5. SushiSwap – $1.16B TVL
A forked version of the famed Uniswap – SushiSwap is an orderbook-less liquidity provider decentralized exchange. It offers better incentivization and integrations with the Yearn ecosystem, allowing it significant capability upgrades and better long term value aggregation. SushiSwap allows liquidity providers (LPs) to earn SUSHI tokens for providing liquidity, it’s a governance token ensuring that all participants have a chance to shape the protocol’s form and function.
The team was earlier criticized for initiating the so-called “vampire attack” on Uniswap and for the sale of millions of worth of tokens for ETH (which were eventually returned after the community backlash). However since then, SushiSwap has changed it’s course and started a new chapter in the journey. It joined the Yearn Finance ecosystem recently and is on it’s way to release new products in the future.
4. Yearn Ecosystem Token Index (YETI) – $7M TVL
Featuring effortless investing facility into Yearn Finance ecosystem projects, YETI is an index fund featuring a total of 8 projects namely Yearn Finance (YFI), Sushiswap (SUSHI), C.R.E.A.M. (CREAM), Akropolis (AKRO), Cover Protocol (COVER), Concentrated Voting Power (CVP), Keep3rV1 (KP3R) and Pickle Finance (PICKLE) at varying weights. It saves users from the hassle of finding promising projects and having to invest in them one by one.

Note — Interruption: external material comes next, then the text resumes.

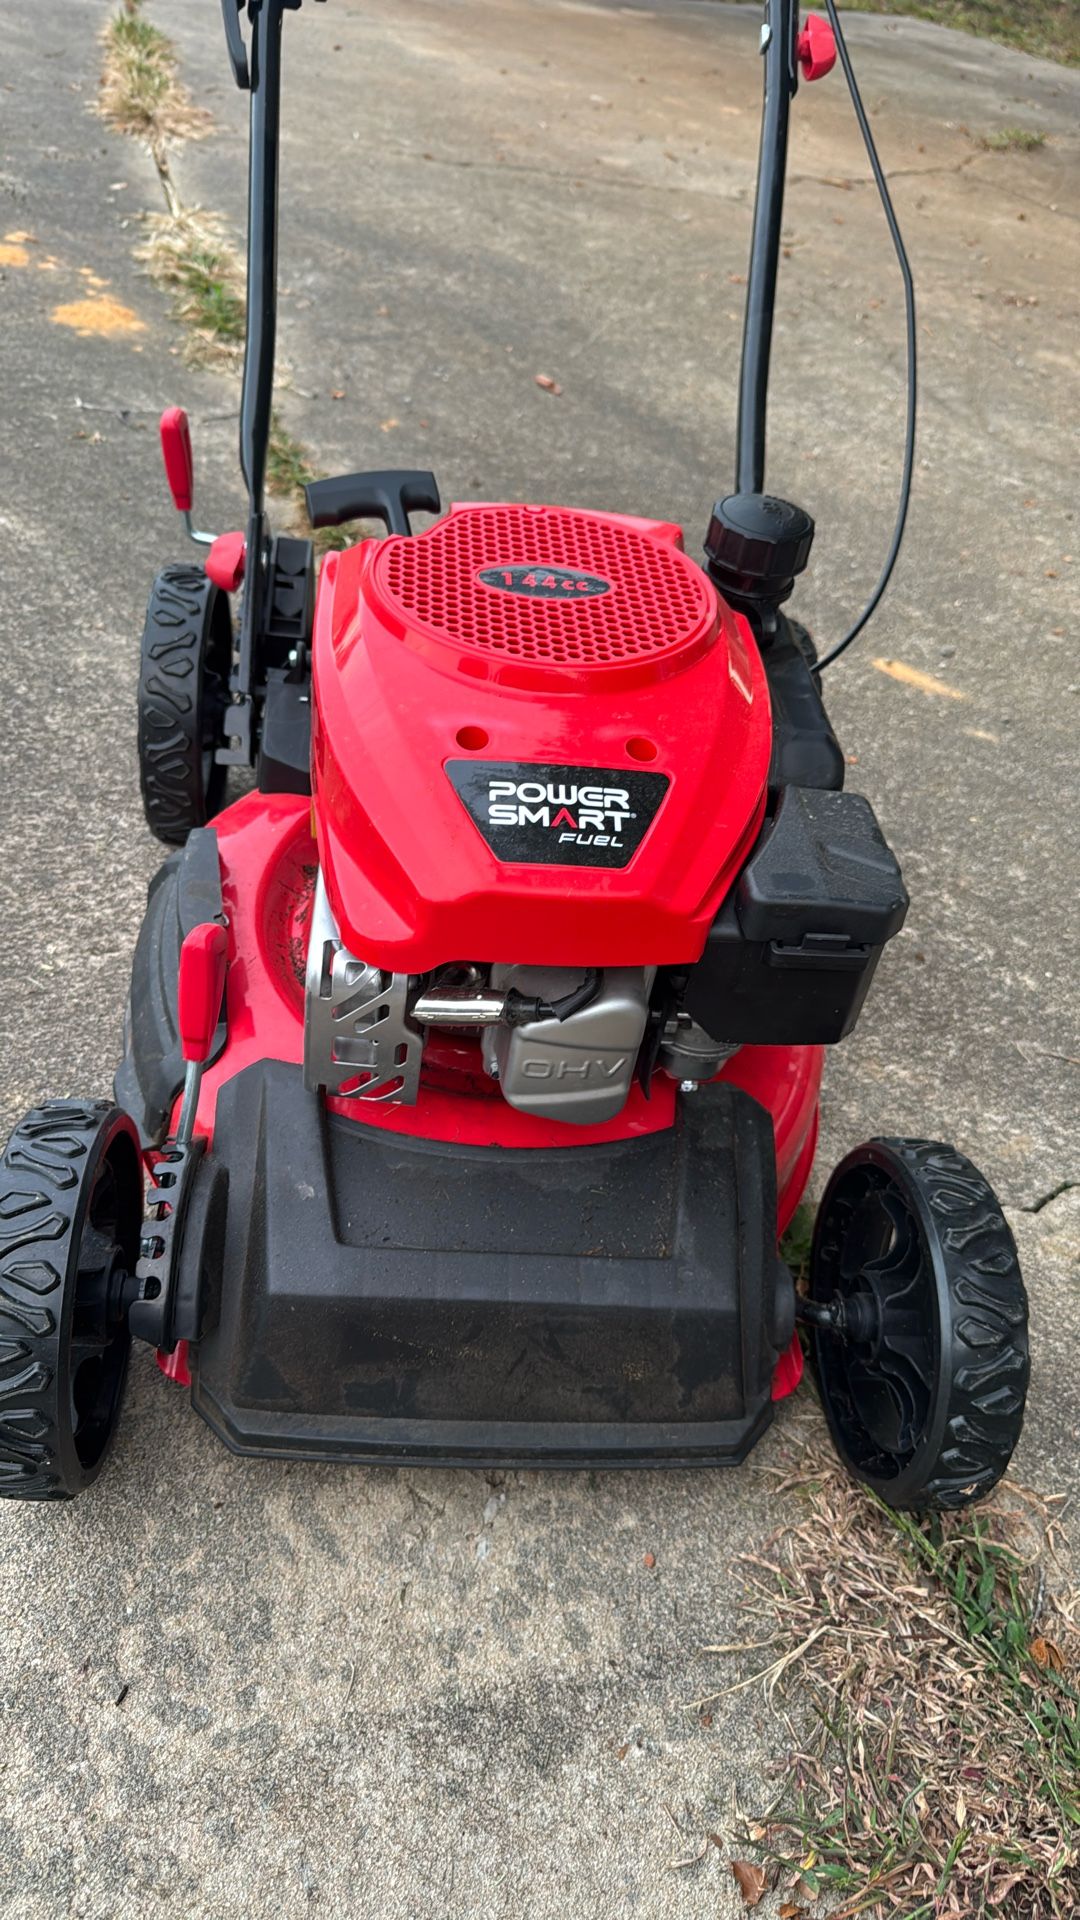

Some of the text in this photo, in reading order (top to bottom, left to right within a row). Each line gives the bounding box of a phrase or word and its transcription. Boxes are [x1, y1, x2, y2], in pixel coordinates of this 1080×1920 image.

Yearn Ecosystem Token Index (YETI) automatically purchases the underlying tokens (according to the weightage determined by the governance) when ETH, individual or multiple tokens (already part of the fund) are provided by the user, though a clean and intuitive user interface. It also allows users to stake YETI tokens for more profits. It’s a no-brainer for people looking for simplified investment and fund management.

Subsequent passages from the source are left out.